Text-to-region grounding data
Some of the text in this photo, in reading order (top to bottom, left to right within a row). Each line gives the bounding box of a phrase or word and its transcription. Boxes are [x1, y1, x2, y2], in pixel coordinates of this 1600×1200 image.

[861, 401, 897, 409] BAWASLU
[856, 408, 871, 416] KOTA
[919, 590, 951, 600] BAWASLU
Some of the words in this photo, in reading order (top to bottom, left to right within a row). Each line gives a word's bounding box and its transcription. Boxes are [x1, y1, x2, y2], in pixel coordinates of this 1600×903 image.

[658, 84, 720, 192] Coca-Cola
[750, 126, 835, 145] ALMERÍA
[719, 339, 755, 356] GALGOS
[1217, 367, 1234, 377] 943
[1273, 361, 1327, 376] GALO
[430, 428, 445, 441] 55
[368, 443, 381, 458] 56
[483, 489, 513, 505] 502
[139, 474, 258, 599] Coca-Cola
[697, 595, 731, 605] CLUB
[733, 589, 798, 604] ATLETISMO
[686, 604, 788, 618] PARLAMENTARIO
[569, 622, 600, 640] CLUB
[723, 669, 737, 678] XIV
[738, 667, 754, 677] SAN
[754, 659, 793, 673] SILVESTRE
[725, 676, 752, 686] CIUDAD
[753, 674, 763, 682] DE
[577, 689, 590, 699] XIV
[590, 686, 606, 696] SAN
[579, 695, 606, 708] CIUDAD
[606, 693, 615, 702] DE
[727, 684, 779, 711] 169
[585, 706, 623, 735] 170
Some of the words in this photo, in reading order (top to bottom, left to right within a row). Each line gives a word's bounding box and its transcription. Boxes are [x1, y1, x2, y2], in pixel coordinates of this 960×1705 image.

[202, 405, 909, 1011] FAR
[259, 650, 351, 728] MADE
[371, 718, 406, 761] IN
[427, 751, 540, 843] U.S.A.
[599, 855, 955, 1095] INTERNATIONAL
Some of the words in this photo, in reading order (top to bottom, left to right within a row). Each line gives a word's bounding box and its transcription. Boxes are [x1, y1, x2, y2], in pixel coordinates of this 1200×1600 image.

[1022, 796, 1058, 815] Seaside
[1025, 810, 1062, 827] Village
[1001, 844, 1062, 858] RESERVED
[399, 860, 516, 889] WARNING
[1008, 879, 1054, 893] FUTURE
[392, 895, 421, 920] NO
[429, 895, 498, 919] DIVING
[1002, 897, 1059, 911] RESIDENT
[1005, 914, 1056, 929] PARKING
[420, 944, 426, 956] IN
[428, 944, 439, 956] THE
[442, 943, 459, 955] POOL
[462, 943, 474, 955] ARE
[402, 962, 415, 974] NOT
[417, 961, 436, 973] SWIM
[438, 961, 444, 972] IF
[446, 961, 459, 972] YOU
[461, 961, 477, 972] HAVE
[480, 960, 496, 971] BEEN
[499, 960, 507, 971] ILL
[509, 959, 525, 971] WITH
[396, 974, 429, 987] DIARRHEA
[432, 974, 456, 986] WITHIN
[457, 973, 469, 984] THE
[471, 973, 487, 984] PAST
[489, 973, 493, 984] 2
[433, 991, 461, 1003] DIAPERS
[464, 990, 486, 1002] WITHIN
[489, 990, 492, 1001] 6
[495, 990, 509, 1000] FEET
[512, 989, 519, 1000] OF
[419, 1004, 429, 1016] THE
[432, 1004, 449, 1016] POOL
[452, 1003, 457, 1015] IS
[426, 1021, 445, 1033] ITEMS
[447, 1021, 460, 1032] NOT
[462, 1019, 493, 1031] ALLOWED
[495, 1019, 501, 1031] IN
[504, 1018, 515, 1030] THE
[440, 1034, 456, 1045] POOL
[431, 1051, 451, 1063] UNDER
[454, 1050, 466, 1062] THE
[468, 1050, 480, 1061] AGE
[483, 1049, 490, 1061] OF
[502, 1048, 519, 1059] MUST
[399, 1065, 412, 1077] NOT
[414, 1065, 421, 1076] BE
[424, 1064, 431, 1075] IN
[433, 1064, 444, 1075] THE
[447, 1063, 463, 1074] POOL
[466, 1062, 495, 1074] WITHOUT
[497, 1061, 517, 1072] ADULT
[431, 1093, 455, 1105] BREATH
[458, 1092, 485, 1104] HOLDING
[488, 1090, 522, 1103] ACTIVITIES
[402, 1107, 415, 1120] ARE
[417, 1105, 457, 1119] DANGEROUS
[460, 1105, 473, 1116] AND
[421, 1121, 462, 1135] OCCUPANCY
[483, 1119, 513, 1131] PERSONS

## Exercise requirements
Including any blank lines, repeat the data exactly.

## Task response
Some of the text in this photo, in reading order (top to bottom, left to right within a row). Each line gives the bounding box of a phrase or word and its transcription. Boxes are [x1, y1, x2, y2], in pixel coordinates of this 1600×1200 image.

[861, 401, 897, 409] BAWASLU
[856, 408, 871, 416] KOTA
[919, 590, 951, 600] BAWASLU
Some of the words in this photo, in reading order (top to bottom, left to right within a row). Each line gives a word's bounding box and its transcription. Boxes are [x1, y1, x2, y2], in pixel coordinates of this 1600×903 image.

[658, 84, 720, 192] Coca-Cola
[750, 126, 835, 145] ALMERÍA
[719, 339, 755, 356] GALGOS
[1217, 367, 1234, 377] 943
[1273, 361, 1327, 376] GALO
[430, 428, 445, 441] 55
[368, 443, 381, 458] 56
[483, 489, 513, 505] 502
[139, 474, 258, 599] Coca-Cola
[697, 595, 731, 605] CLUB
[733, 589, 798, 604] ATLETISMO
[686, 604, 788, 618] PARLAMENTARIO
[569, 622, 600, 640] CLUB
[723, 669, 737, 678] XIV
[738, 667, 754, 677] SAN
[754, 659, 793, 673] SILVESTRE
[725, 676, 752, 686] CIUDAD
[753, 674, 763, 682] DE
[577, 689, 590, 699] XIV
[590, 686, 606, 696] SAN
[579, 695, 606, 708] CIUDAD
[606, 693, 615, 702] DE
[727, 684, 779, 711] 169
[585, 706, 623, 735] 170
Some of the words in this photo, in reading order (top to bottom, left to right within a row). Each line gives a word's bounding box and its transcription. Boxes are [x1, y1, x2, y2], in pixel coordinates of this 960×1705 image.

[202, 405, 909, 1011] FAR
[259, 650, 351, 728] MADE
[371, 718, 406, 761] IN
[427, 751, 540, 843] U.S.A.
[599, 855, 955, 1095] INTERNATIONAL
Some of the words in this photo, in reading order (top to bottom, left to right within a row). Each line gives a word's bounding box and its transcription. Boxes are [x1, y1, x2, y2], in pixel coordinates of this 1200×1600 image.

[1022, 796, 1058, 815] Seaside
[1025, 810, 1062, 827] Village
[1001, 844, 1062, 858] RESERVED
[399, 860, 516, 889] WARNING
[1008, 879, 1054, 893] FUTURE
[392, 895, 421, 920] NO
[429, 895, 498, 919] DIVING
[1002, 897, 1059, 911] RESIDENT
[1005, 914, 1056, 929] PARKING
[420, 944, 426, 956] IN
[428, 944, 439, 956] THE
[442, 943, 459, 955] POOL
[462, 943, 474, 955] ARE
[402, 962, 415, 974] NOT
[417, 961, 436, 973] SWIM
[438, 961, 444, 972] IF
[446, 961, 459, 972] YOU
[461, 961, 477, 972] HAVE
[480, 960, 496, 971] BEEN
[499, 960, 507, 971] ILL
[509, 959, 525, 971] WITH
[396, 974, 429, 987] DIARRHEA
[432, 974, 456, 986] WITHIN
[457, 973, 469, 984] THE
[471, 973, 487, 984] PAST
[489, 973, 493, 984] 2
[433, 991, 461, 1003] DIAPERS
[464, 990, 486, 1002] WITHIN
[489, 990, 492, 1001] 6
[495, 990, 509, 1000] FEET
[512, 989, 519, 1000] OF
[419, 1004, 429, 1016] THE
[432, 1004, 449, 1016] POOL
[452, 1003, 457, 1015] IS
[426, 1021, 445, 1033] ITEMS
[447, 1021, 460, 1032] NOT
[462, 1019, 493, 1031] ALLOWED
[495, 1019, 501, 1031] IN
[504, 1018, 515, 1030] THE
[440, 1034, 456, 1045] POOL
[431, 1051, 451, 1063] UNDER
[454, 1050, 466, 1062] THE
[468, 1050, 480, 1061] AGE
[483, 1049, 490, 1061] OF
[502, 1048, 519, 1059] MUST
[399, 1065, 412, 1077] NOT
[414, 1065, 421, 1076] BE
[424, 1064, 431, 1075] IN
[433, 1064, 444, 1075] THE
[447, 1063, 463, 1074] POOL
[466, 1062, 495, 1074] WITHOUT
[497, 1061, 517, 1072] ADULT
[431, 1093, 455, 1105] BREATH
[458, 1092, 485, 1104] HOLDING
[488, 1090, 522, 1103] ACTIVITIES
[402, 1107, 415, 1120] ARE
[417, 1105, 457, 1119] DANGEROUS
[460, 1105, 473, 1116] AND
[421, 1121, 462, 1135] OCCUPANCY
[483, 1119, 513, 1131] PERSONS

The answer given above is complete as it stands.